En cuanto a la Balanza Comercial, si bien sus rendimientos no fueron óptimos durante el año, en septiembre registró superávit por primera vez en 21 meses, hecho que se repitió en octubre.

Tal giro llegó, en parte, gracias a la brusca subida del dólar, que generó una baja sensible en las importaciones. Durante el noveno mes del año, la balanza acusó un saldo positivo u$s 314 millones

En contraposición, las importaciones de bienes de capital se derrumbaron un 40% en la medición interanual, lo cual marca un bajo nivel de inversión y pésimas expectativas de una reactivación del aparato productivo.

El último saldo positivo databa del mes de diciembre del 2016 y había sido de u$s 55 millones. En tanto, en el mes de octubre, y también de la mano de una caída del 18,2% de las importaciones, el saldo fue superavitario por u$s 277 millones.

Según los datos del INDEC, el saldo total de la Balanza Comercial durante 2017 acusó un déficit de u$s 8.300 millones.
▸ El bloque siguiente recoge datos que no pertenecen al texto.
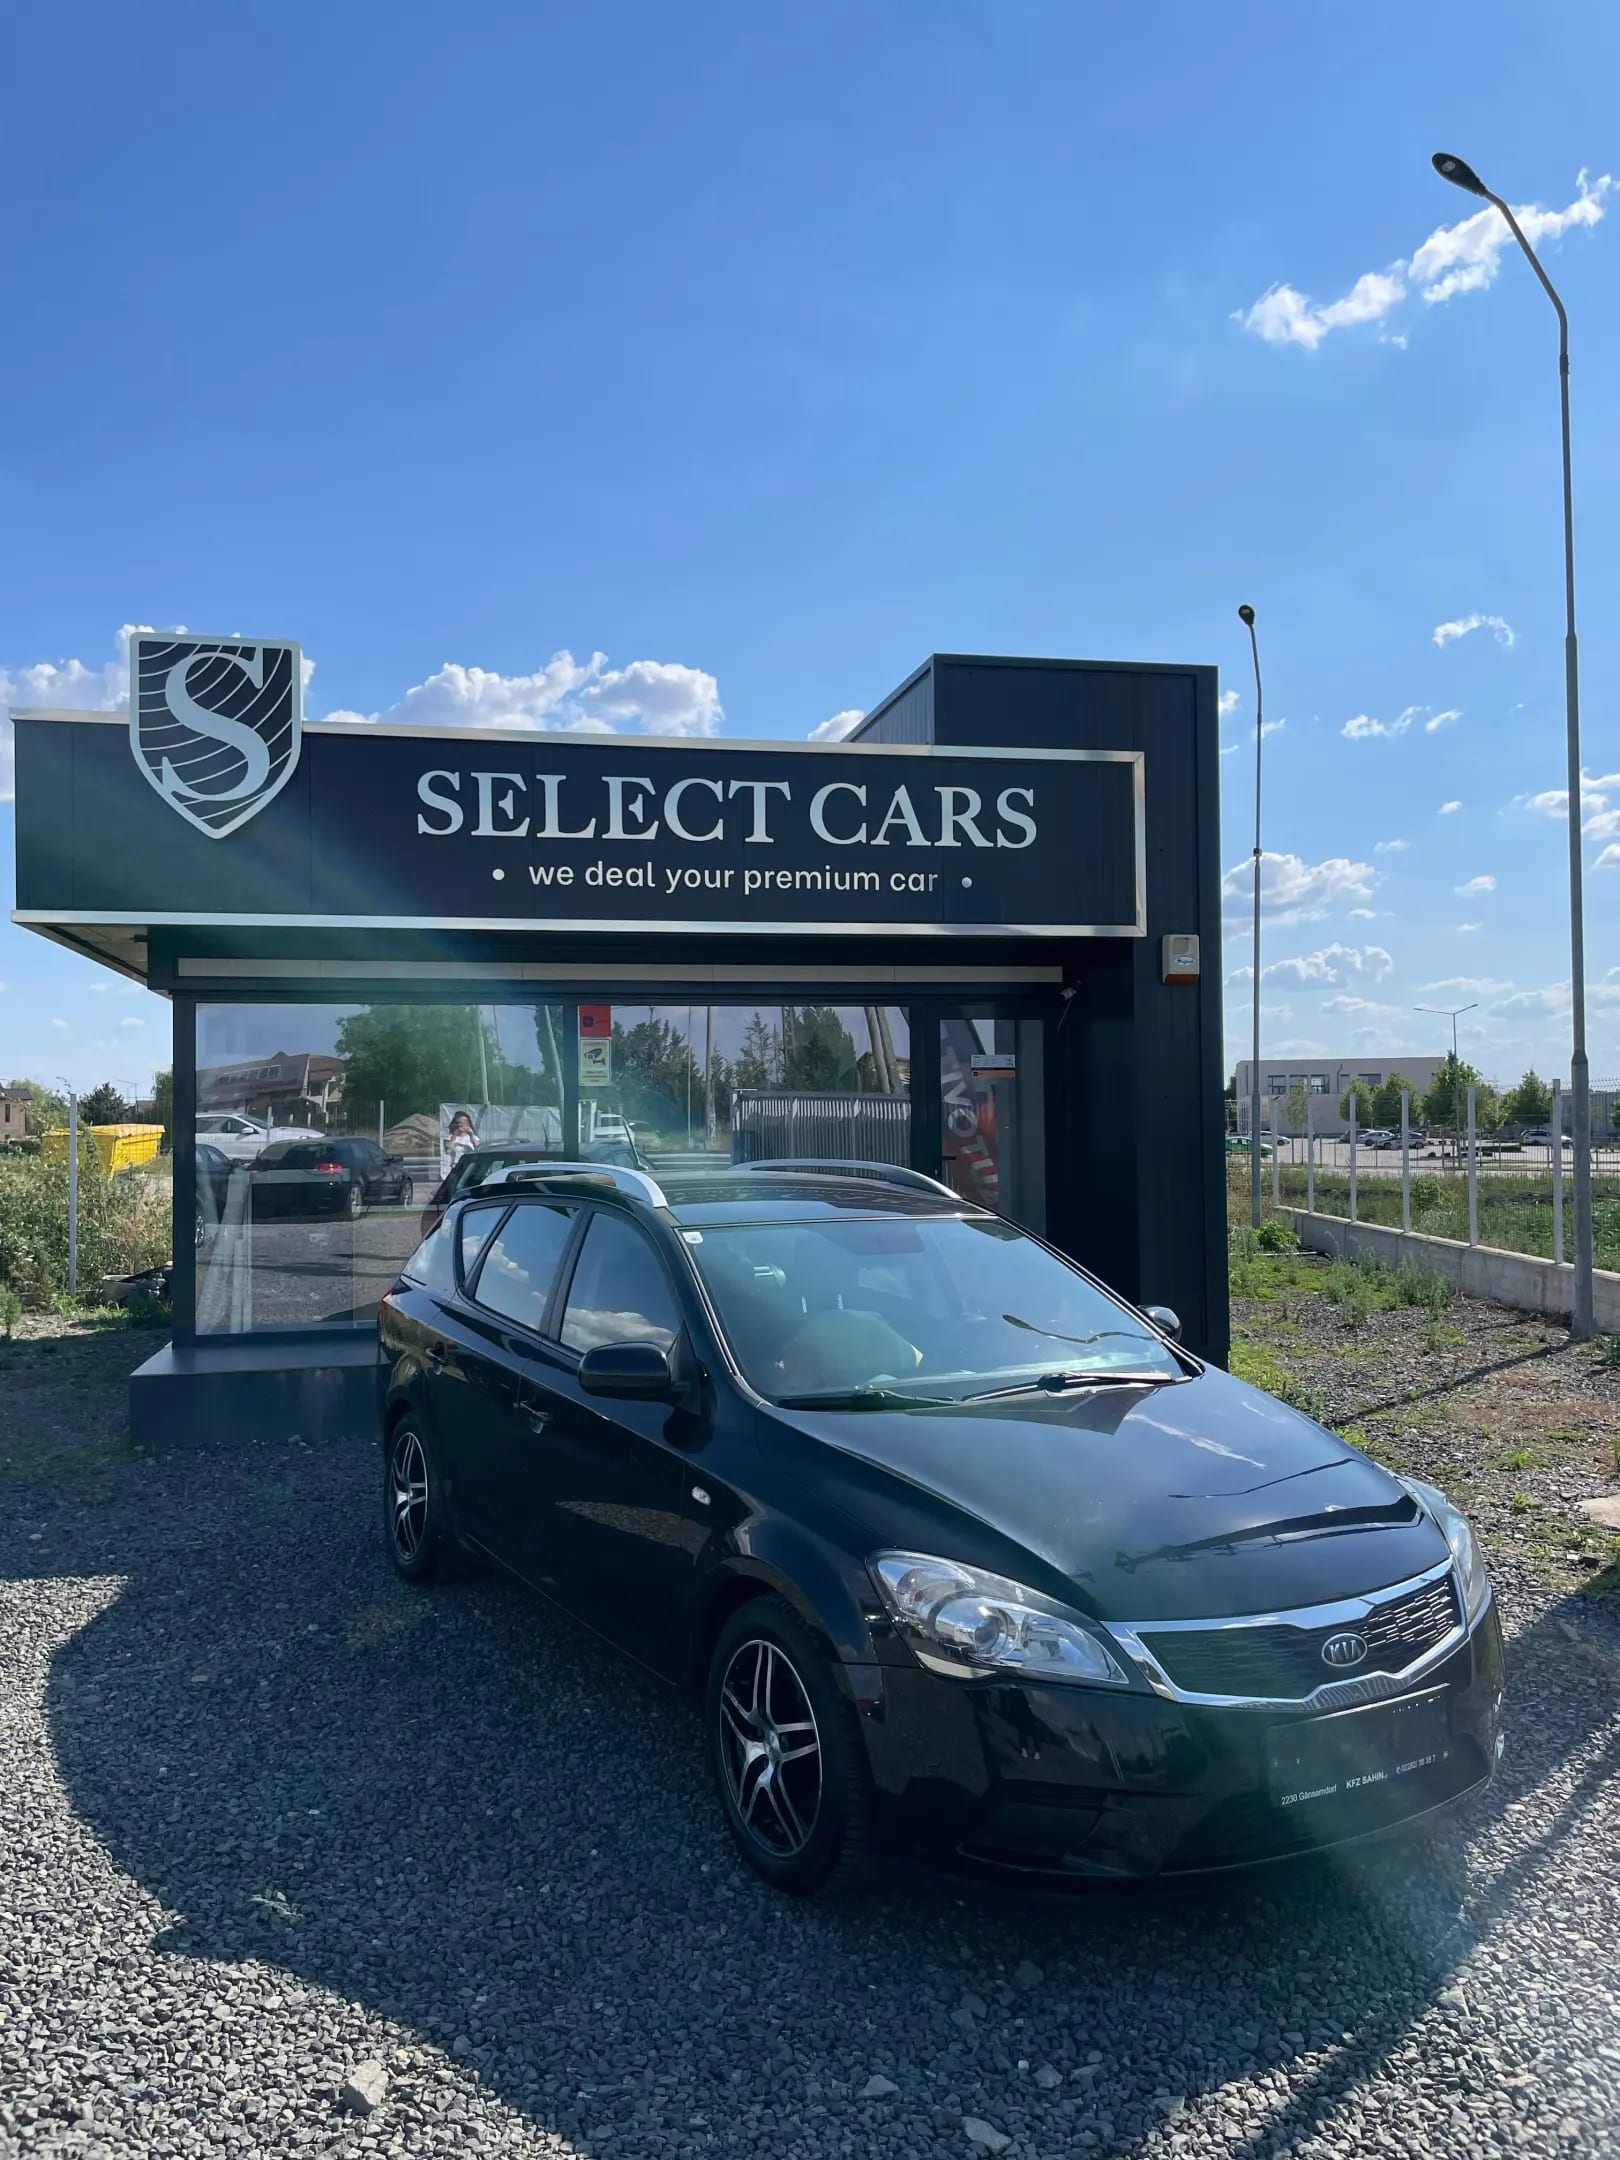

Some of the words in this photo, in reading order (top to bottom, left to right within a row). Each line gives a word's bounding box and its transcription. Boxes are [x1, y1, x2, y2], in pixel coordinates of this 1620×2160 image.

[417, 769, 792, 842] SELECT
[809, 782, 1037, 849] CARS
[529, 865, 575, 886] we
[584, 860, 656, 888] deal
[665, 867, 734, 894] your
[744, 864, 880, 896] premium
[889, 871, 938, 892] car
[1328, 1639, 1362, 1663] KIA
[1281, 1793, 1298, 1805] 2230
[1346, 1777, 1361, 1789] KFZ
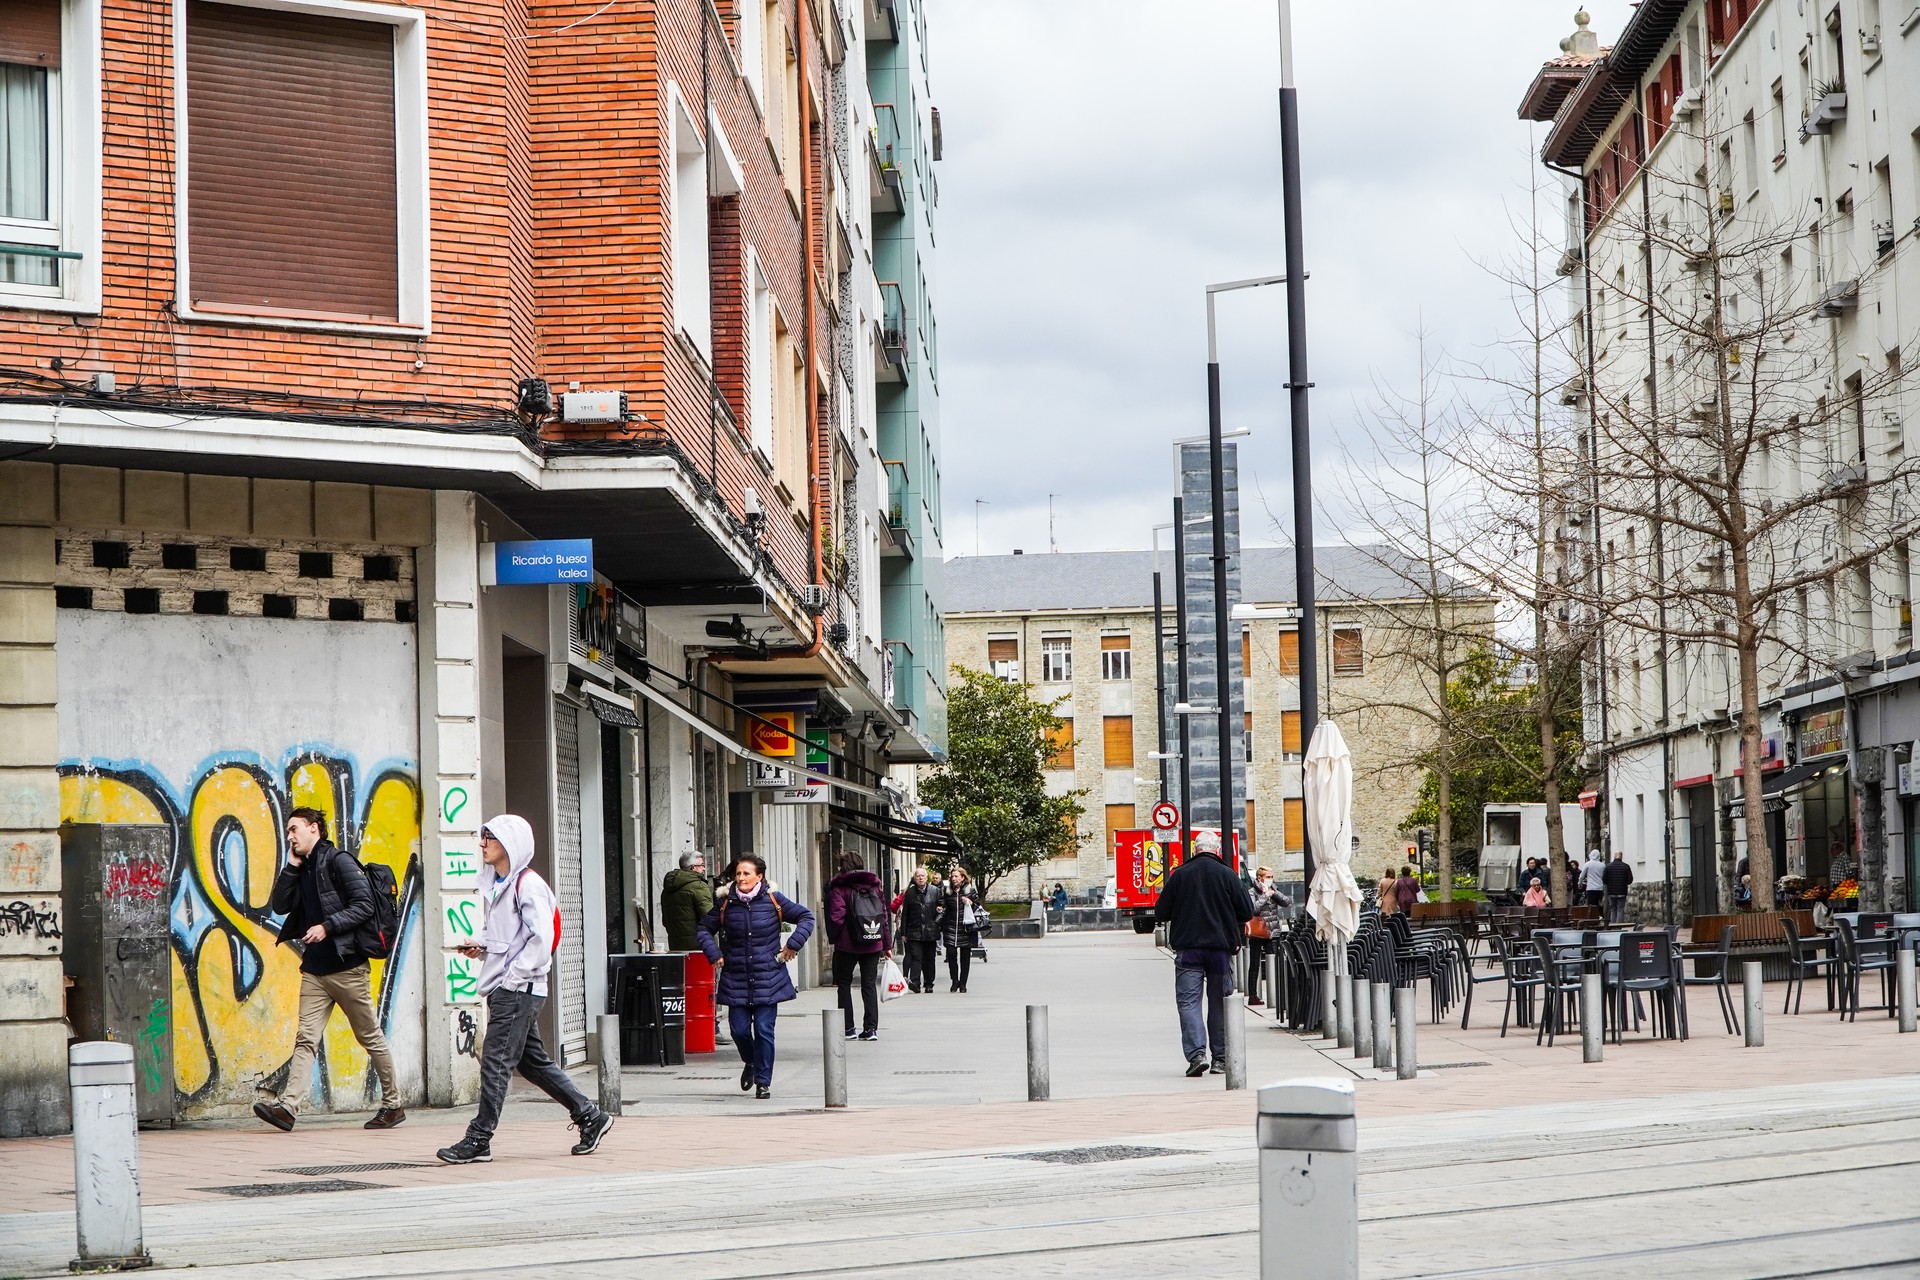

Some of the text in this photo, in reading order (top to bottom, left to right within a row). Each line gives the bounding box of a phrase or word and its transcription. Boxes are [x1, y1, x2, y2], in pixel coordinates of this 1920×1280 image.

[512, 554, 587, 566] Ricardo Buesa
[558, 568, 587, 578] kalea
El acumulado desde enero hasta octubre del 2018 marca un negativo de u$s 6.175 millones dado por un crecimiento del 3,3% en las exportaciones (u$s 50.988 millones contra u$s 49.375 millones en 2017) y del 3,2% en las importaciones (u$s 57.164 millones en 2018 contra u$s 55.404 millones en 2018).

Para el fin de diciembre, se espera que el 2018 acumule una baja del déficit que cerrará cerca de u$s 5.100 millones. En cuanto a las proyecciones esperadas para el 2019, Ecolatina estima que el saldo comercial otorgue un superávit de u$s 8.300 millones, con una baja del 1% en el intercambio comercial.